Task to carry out: Only the lines running from the line with "this 2576×1449 image." to the end of the records below belong in the answer, each copied exactly.

Records shown:
--------

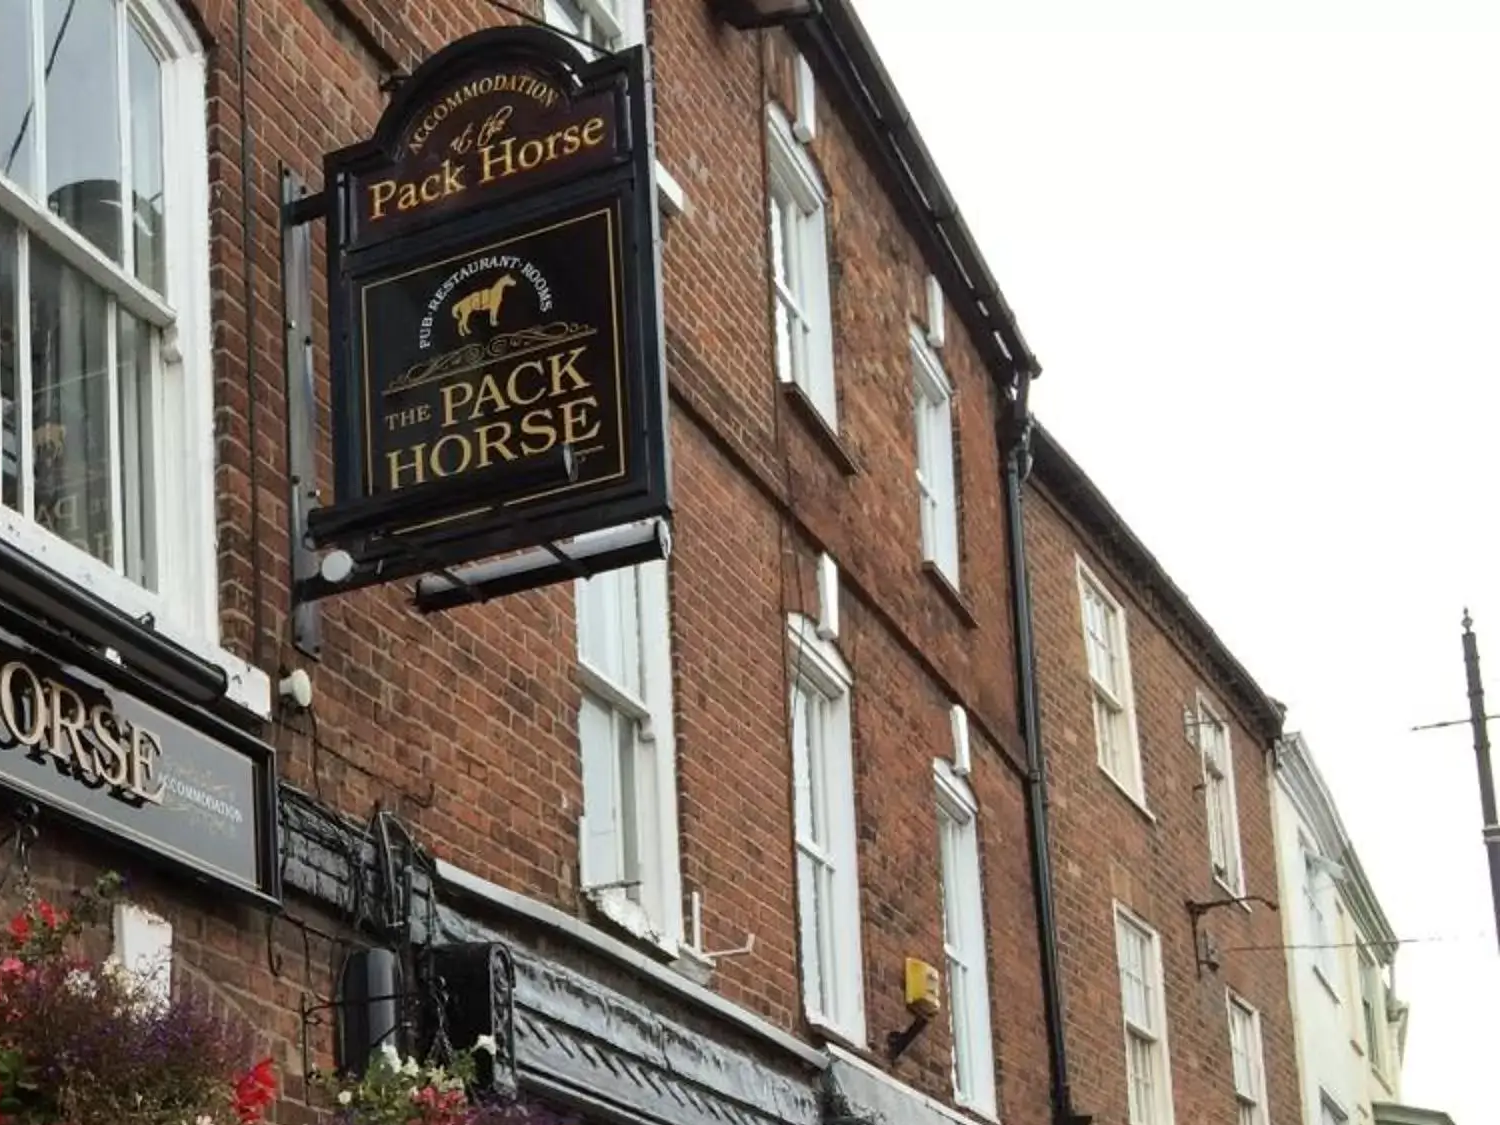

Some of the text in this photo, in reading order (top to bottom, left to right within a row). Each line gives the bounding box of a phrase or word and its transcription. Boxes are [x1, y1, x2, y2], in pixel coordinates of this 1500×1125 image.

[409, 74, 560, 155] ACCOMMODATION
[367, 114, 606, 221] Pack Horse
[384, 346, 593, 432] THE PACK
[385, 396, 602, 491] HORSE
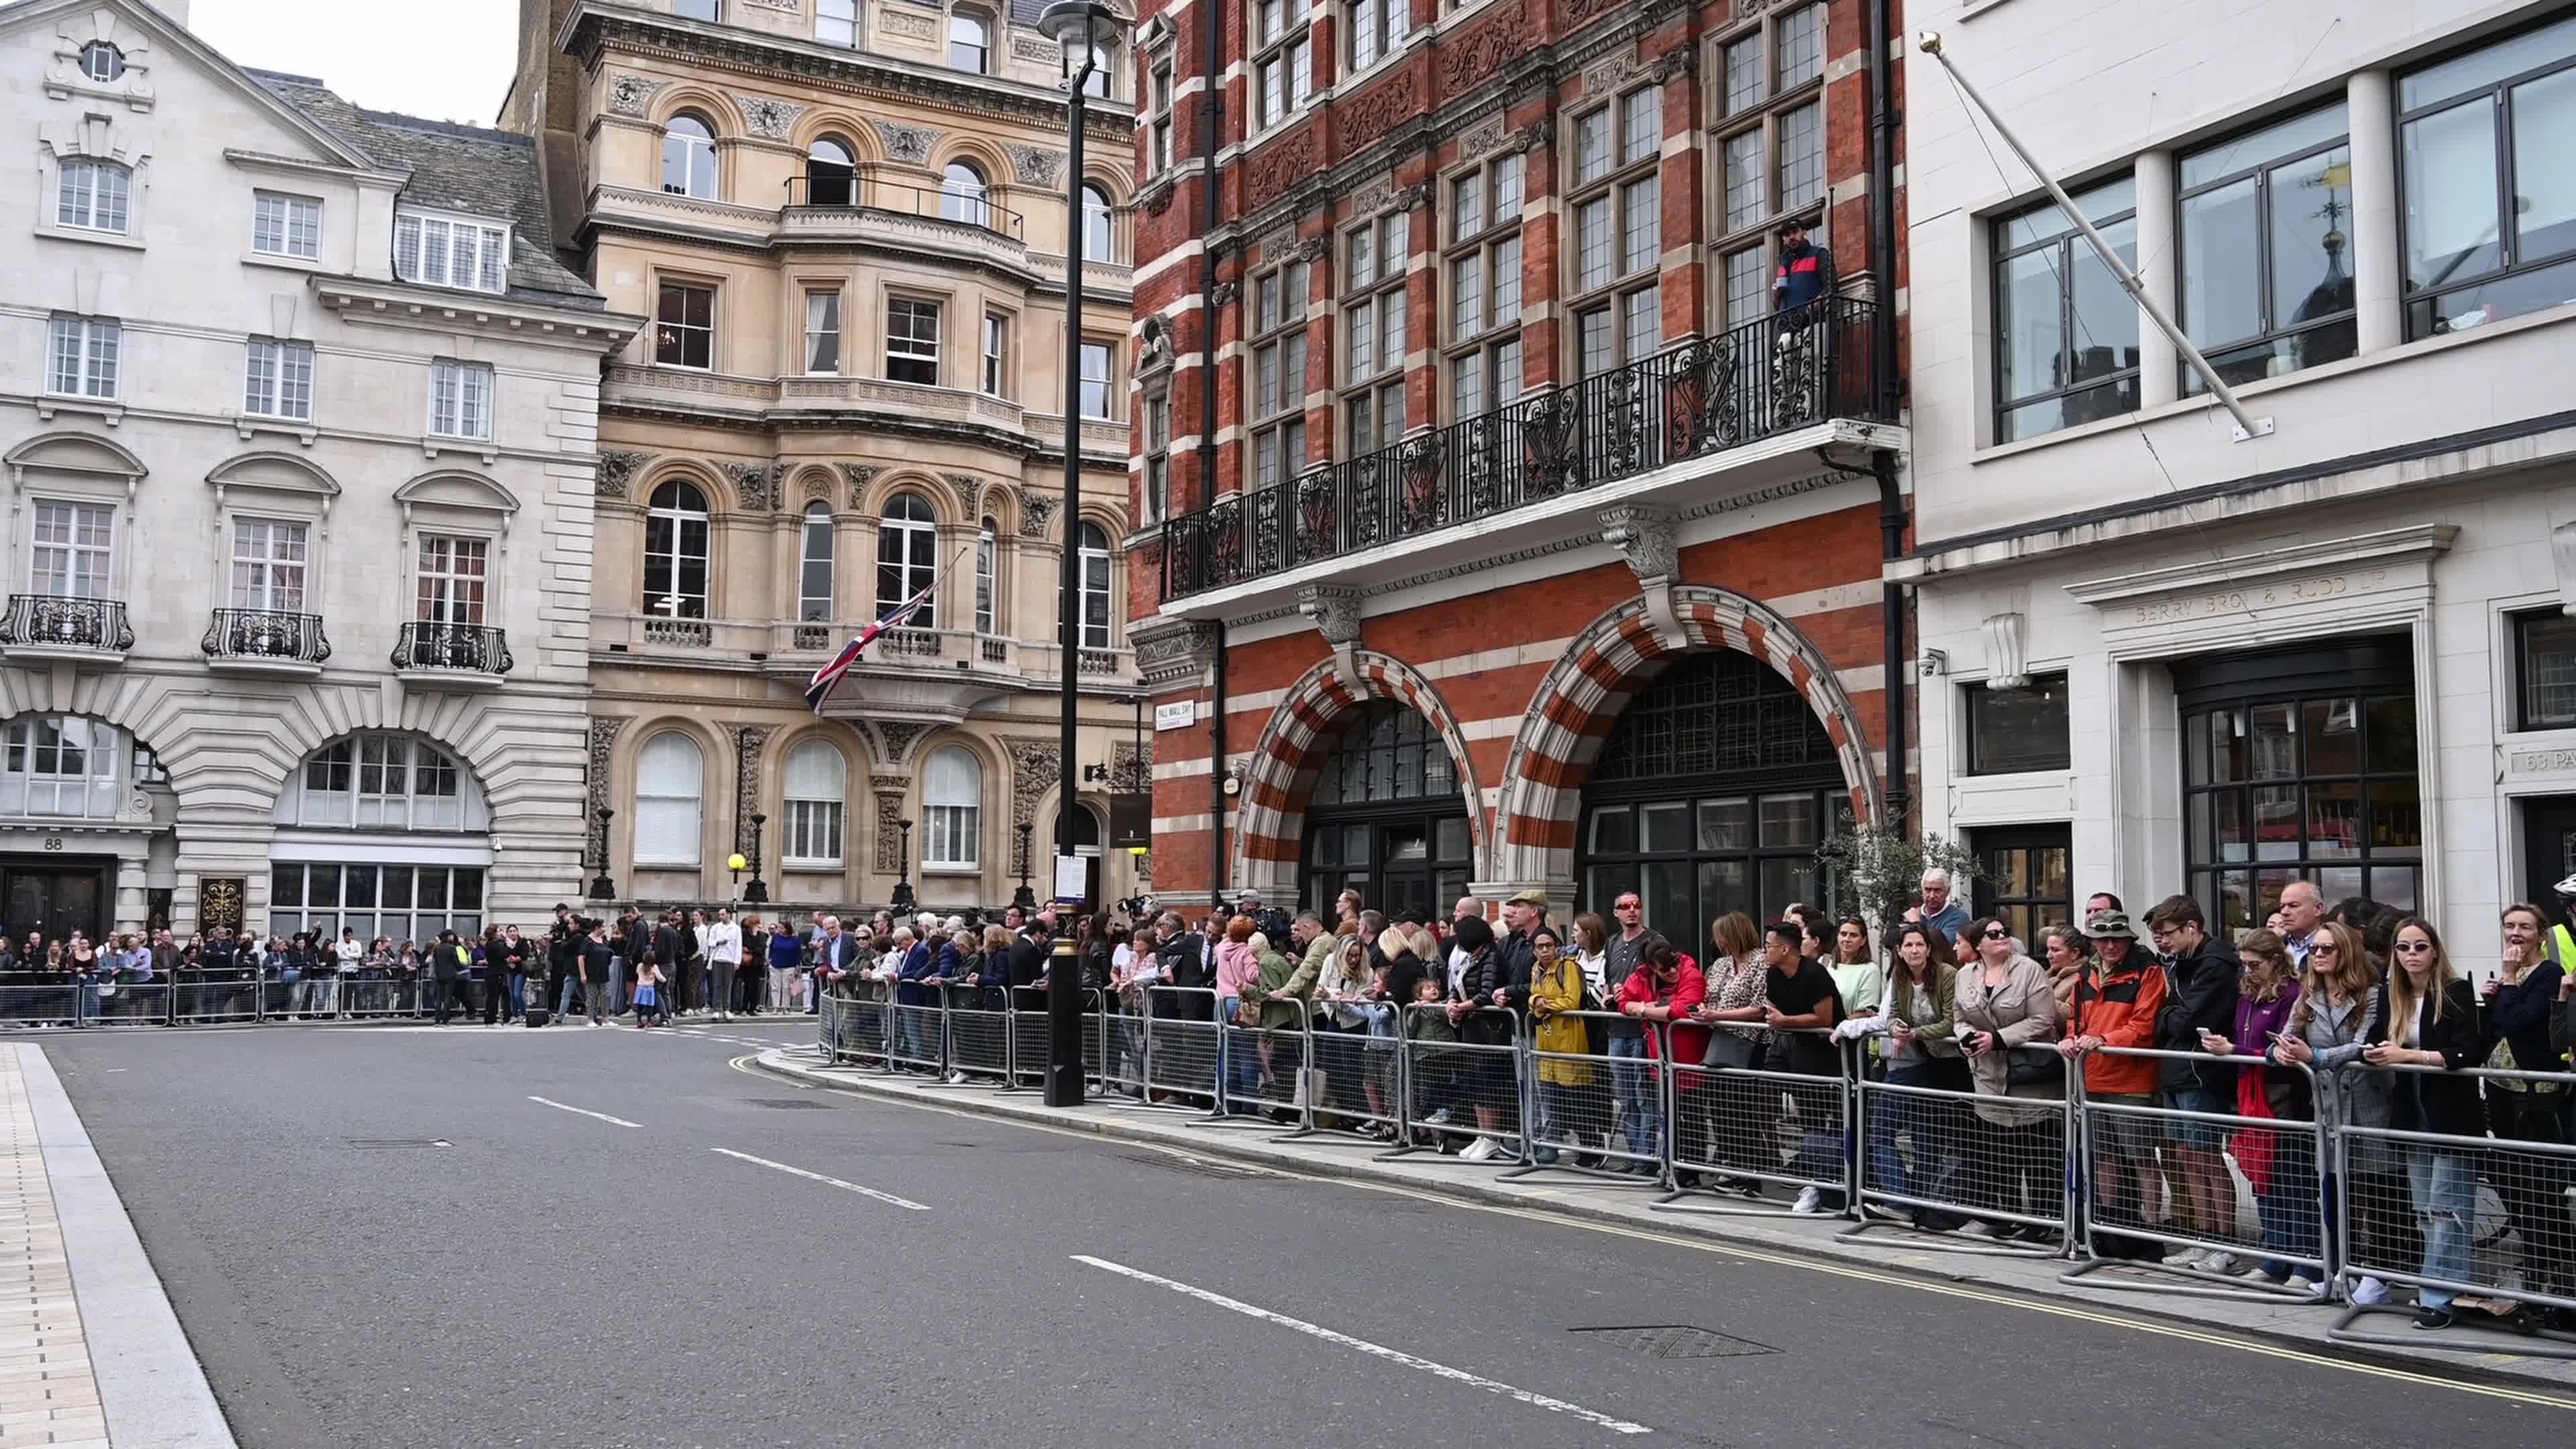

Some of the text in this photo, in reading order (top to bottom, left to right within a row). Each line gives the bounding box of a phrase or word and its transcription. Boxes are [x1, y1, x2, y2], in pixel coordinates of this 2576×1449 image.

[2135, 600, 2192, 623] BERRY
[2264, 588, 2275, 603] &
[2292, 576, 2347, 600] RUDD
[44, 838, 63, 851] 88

--------

Result:
Some of the text in this photo, in reading order (top to bottom, left to right within a row). Each line gives the bounding box of a phrase or word and its transcription. Boxes are [x1, y1, x2, y2], in pixel coordinates of this 2576×1449 image.

[2135, 600, 2192, 623] BERRY
[2264, 588, 2275, 603] &
[2292, 576, 2347, 600] RUDD
[44, 838, 63, 851] 88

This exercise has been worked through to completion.